ゾウは密猟が原因で牙が発達しないように進化しつつある
象が樹皮を剥がしたり水場を掘ったりすることに使う牙が、その希少価値の高さから多くの密猟者によって狙われたため、象の個体数は大幅に減少しています。そして、個体数が90%減少したというモザンビークでは、「牙が生えない象」が誕生する割合が増えていることが報告されています。
Ivory poaching and the rapid evolution of tusklessness in African elephants
Poaching drove the evolution of tusk-free elephants | Ars Technica
https://arstechnica.com/science/2021/10/poaching-drove-the-evolution-of-tusk-free-elephants/
Ivory hunting drives evolution of tuskless elephants
https://www.nature.com/articles/d41586-021-02867-y
Ivory poaching has led to evolution of tuskless elephants, study finds | Wildlife | The Guardian
https://www.theguardian.com/environment/2021/oct/21/ivory-poaching-evolution-tuskless-elephants-study
1977〜1992年にかけて行われたモザンビークの内戦において、戦費調達のために数多くの象が殺されたため、モザンビーク・ゴロンゴーザ国立公園に生息する象の個体数は2542頭から242頭に減少しました。生存した象に多く見られた特徴が「牙が生えていない」というものであり、牙のない象の割合は戦前の5分の1から2分の1に増加していました。また、戦後に生まれた象では、牙が生えないという特徴を持つ個体の割合も増加していました。

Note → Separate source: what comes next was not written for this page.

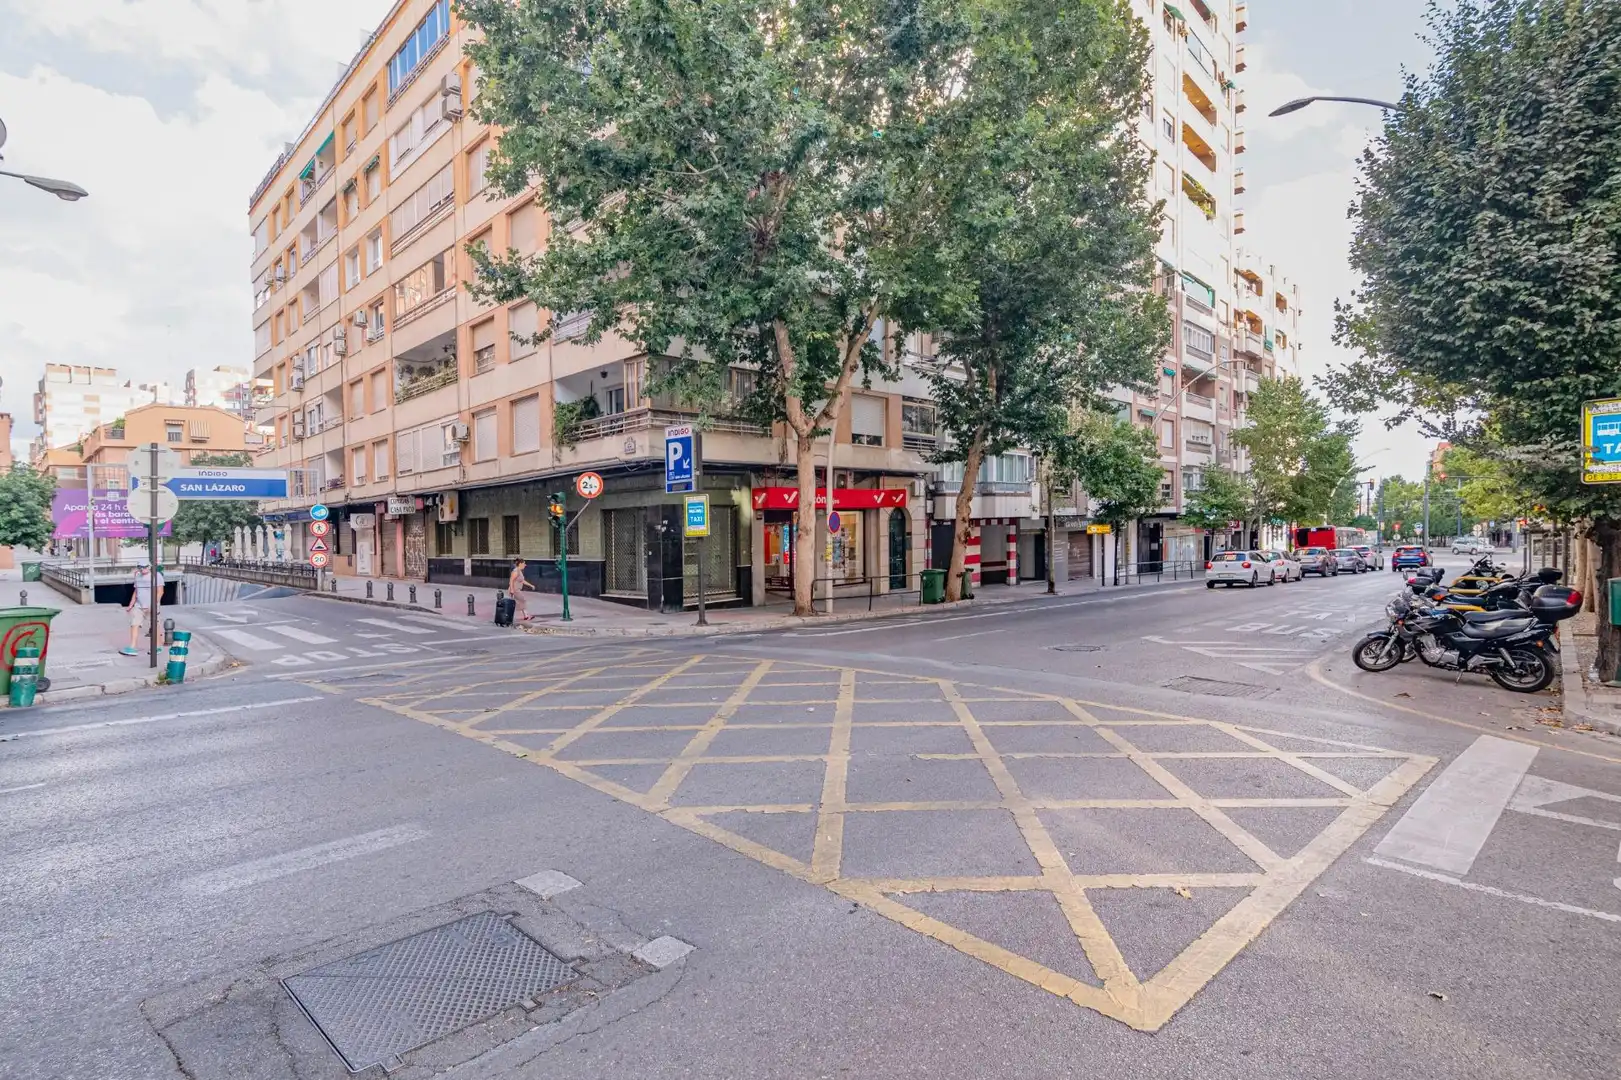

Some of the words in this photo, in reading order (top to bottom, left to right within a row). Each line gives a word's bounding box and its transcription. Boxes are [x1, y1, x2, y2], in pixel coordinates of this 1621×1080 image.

象はオスメス共に牙が生えるものですが、カリフォルニア大学ロサンゼルス校のシェーン・キャンベル氏ら研究チームは「牙が生えないという特徴はほとんどメスのみに見られる」という事実を突き止め、「X染色体に突然変異などの異常が発生しているのではないか」と推測しました。
そこで、キャンベル氏らは18頭のメスの象から血液サンプルを採取し、全ゲノムシーケンス解析を実施。牙のある象と牙のない象の違いを調査したところ、牙のない象には歯のエナメル質の形成に関わるアメロゲニン遺伝子に突然変異が見られたとのこと。さらに、この遺伝子は劣性致死遺伝子であり、遺伝子をホモ接合で獲得した個体は生まれることなく死んでしまうことも明らかになっています。
X連鎖遺伝の特徴から、牙のない母親が授かるオスの半分はこの遺伝子を受け継ぎ死に至るため、最終的に生まれてくるオスの個体数はメスの個体数の半分になります。このような特徴から、研究チームは「密猟が多発した象の群れは、牙のない象が増加することに加え、オスの個体数が減少する傾向にある」と記しています。
象の個体数は戦後約20年かけて増加傾向にあるため、キャンベル氏らは「自然保護の状況が現在と同じように良好であり続けるならば、この問題は時間の経過と共に元に戻せる」と述べました。